Oregon Legislature Readies for First Short Session
January 24, 2012
January 24, 2012
The Oregon Legislature met for three days last week on the last of their scheduled legislative hearing dates prior to the February legislative session, giving the Northwest Credit Union Association’s (NWCUA) legislative affairs team an opportunity to catch up with legislators and discuss their priorities for the coming weeks. Most of the hearings focused on legislative drafts. Since this is the first “short session” as part of Oregon’s new constitutional annual session, all the deadlines and limits are new.
The Oregon Legislature will convene on Feb. 1, 2012, with a projected sine die of Feb. 29. The session may not exceed 35 days in even-numbered years, putting this year’s deadline at March 6. Five-day extensions are allowed by a two-thirds vote in each chamber. Key dates this session include:
- Feb. 6 – Deadline for bills to be posted on an agenda in their chamber of origin
- Feb. 8 – Revenue forecast released
- Feb. 14 – Last day for committees to hold work sessions on bills in their chamber of origin
- Feb. 21 – Deadline for bills to be posted on an agenda in the second chamber
- Feb. 23 – Last day for work sessions in all committees
*All committee deadlines exclude: Rules, Revenue, and Ways & Means.
With all measures subject to the deadlines noted in the calendar, the following measure limits have been established for both the House and the Senate for the 2012 legislative session:
- Two measures per member
- Five measures per interim committee
- Five measures by the executive branch (at the request of the Governor)
- Five measures by the judicial branch (at the request of the Chief Justice)
Ballots have been mailed out for the 1st Congressional District special election race between Republican Rob Cornilles and Democrat Suzanne Bonamici. The winner will be announced shortly after the ballot deadline on Jan. 31.
Katherine Heekin is now the third candidate filed to run for Oregon attorney general. Heekin runs her own law firm in Portland focused on representing fraud victims and joins Ellen Rosenblum, a former state judge on the 9th U.S. Circuit Court of Appeals, and Dwight Holton, a Portland attorney who was recently with the U.S. Attorney’s Office, in seeking the Democratic nomination.
Republican Karen Bowerman has filed to run in the race for the Oregon House seat currently held by Democrat Kurt Schrader. Bowerman is a former California State University business school dean who moved to Lake Oswego last year. Republican Fred Thompson, a Salem businessman, has stated he will also run for the seat but has yet to file. The filing deadline is March 6.
The NWCUA participated in a work group on elder abuse. No specific action came out of the workgroup on financial institutions, though the Department of Human Services (DHS) requested some language to be put in the final bill to allow them. After reviewing several proposed drafts, credit unions and banks have agreed to language that will allow DHS to request information from financial institutions during an investigation of elder abuse.

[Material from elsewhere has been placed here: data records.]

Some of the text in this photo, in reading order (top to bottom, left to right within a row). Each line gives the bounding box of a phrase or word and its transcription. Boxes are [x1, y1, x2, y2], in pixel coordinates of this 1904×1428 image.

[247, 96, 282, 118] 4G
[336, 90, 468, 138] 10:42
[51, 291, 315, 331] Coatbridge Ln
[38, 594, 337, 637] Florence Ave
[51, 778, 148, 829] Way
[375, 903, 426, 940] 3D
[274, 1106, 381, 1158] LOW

“Upon the request of a law enforcement agency, the Department of Human Services or a designee of the Department of Human Services, and the receipt of the certification required under subsection (2) of this section, a financial institution shall disclose and provide copies of the financial records of the person who is the alleged victim in an investigation under ORS 124.070 or 441.650 to the law enforcement agency, the department or the department’s designee without the consent of the person or of the person’s caretaker, fiduciary or other legal representative.”
Financial institutions may be reimbursed for costs incurred and are protected for sharing the information.

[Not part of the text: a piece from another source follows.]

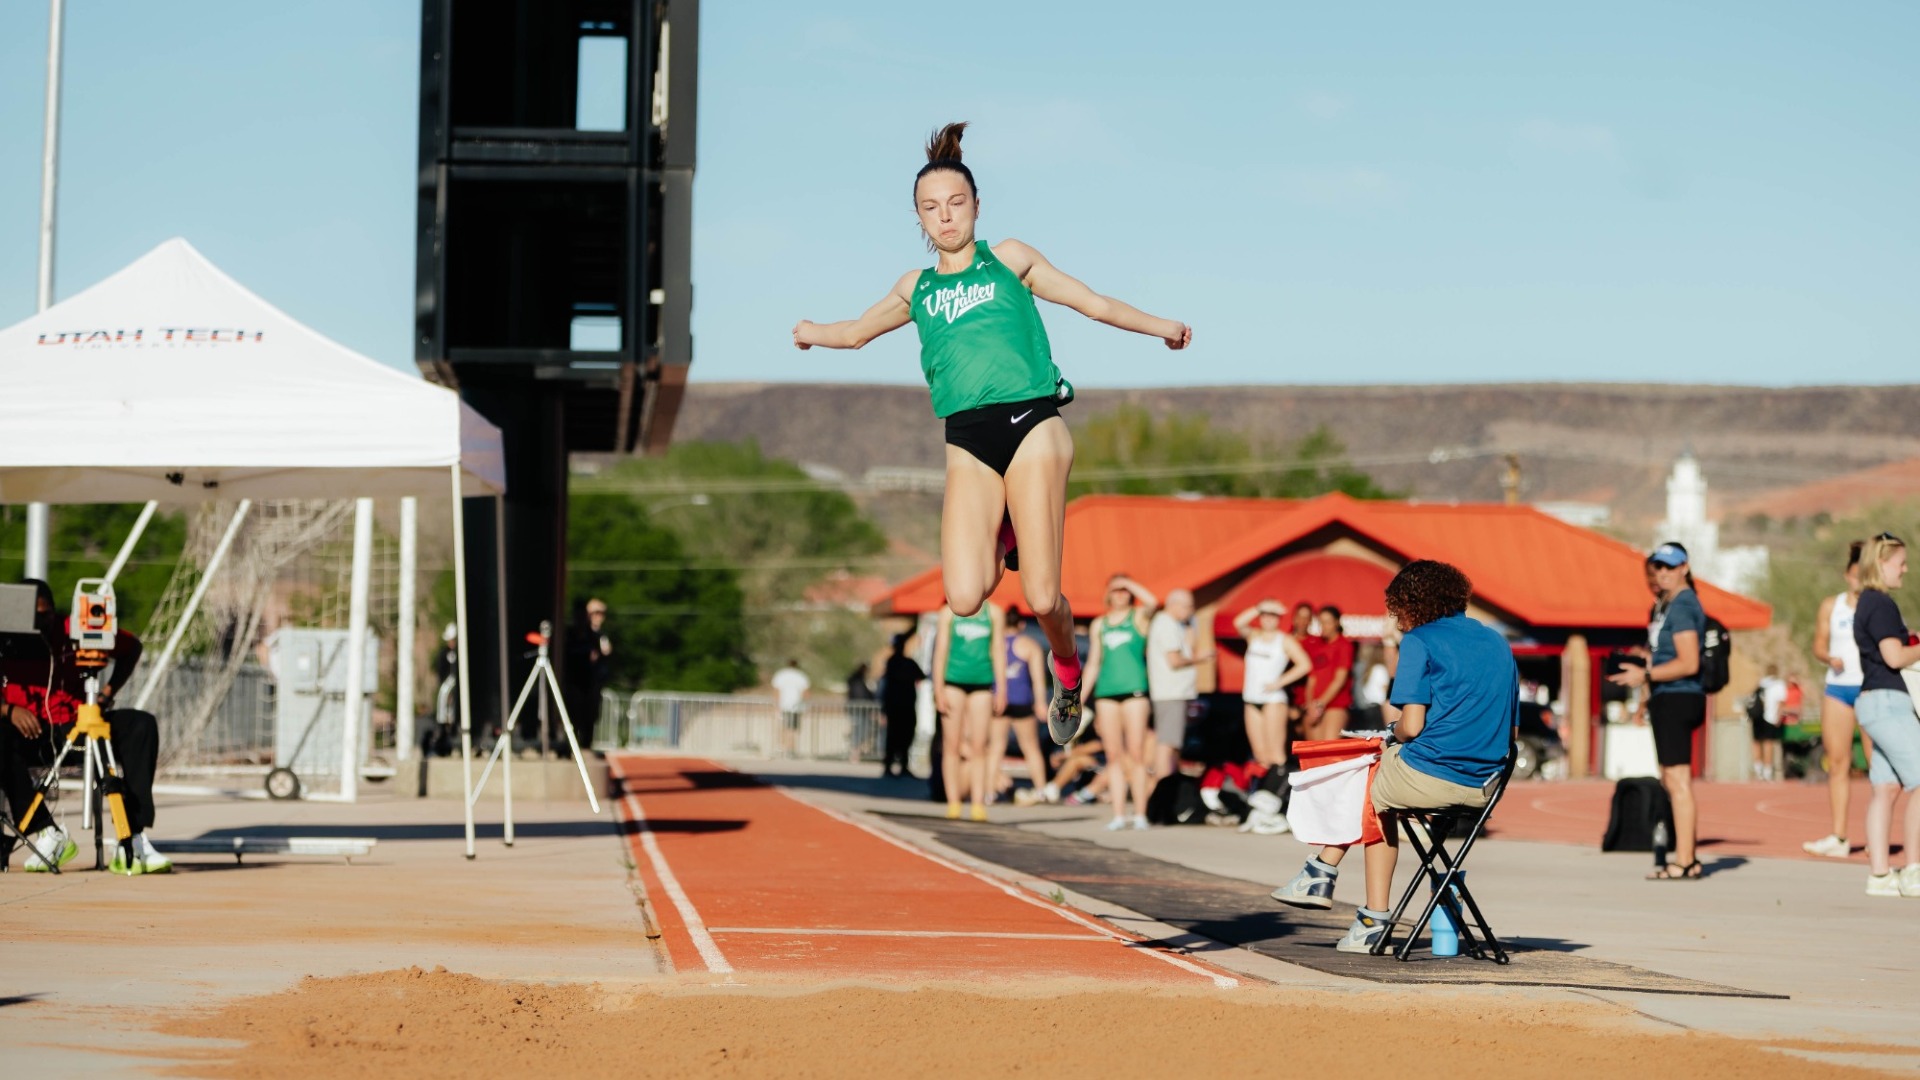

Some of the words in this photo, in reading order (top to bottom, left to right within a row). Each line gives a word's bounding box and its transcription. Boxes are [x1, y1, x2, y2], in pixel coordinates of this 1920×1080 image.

“A financial institution that supplies copies of financial records under this section shall be reimbursed for actual costs incurred. (5) A financial institution that supplies copies of financial records under to this section is not liable to any person for any loss, damage or injury arising out of or in any way pertaining to the disclosure of the copies under this section.”
The NWCUA is reviewing the final draft and will be asked to testify in February.
Foreclosure and Mortgage Issues
Last week the House and Senate Democratic leaders held a press conference to discuss their February issues, and foreclosure legislation was on top of their list. Democrats want to bring bills to the floor in February so that Republicans have to vote on them and want to use this as their No. 1 campaign issue. Here is part of their press release:
“Senator Diane Rosenbaum and Representative Tina Kotek, the Democratic Leaders of the Oregon Senate and House, announced their priorities for the 2012 February session this morning during a press conference at the state capitol. They outlined agendas that focus on helping middle class families and small businesses in Oregon that continue to struggle with economic recovery.
“Democrats have a plan for the February session to address the needs of Oregonians,” said Rosenbaum, whose constituency includes Portland and Milwaukie. “We are committed to protecting middle-class families and supporting small businesses from all corners of the state. These Oregonians are counting on us to fight for them in these tough times.”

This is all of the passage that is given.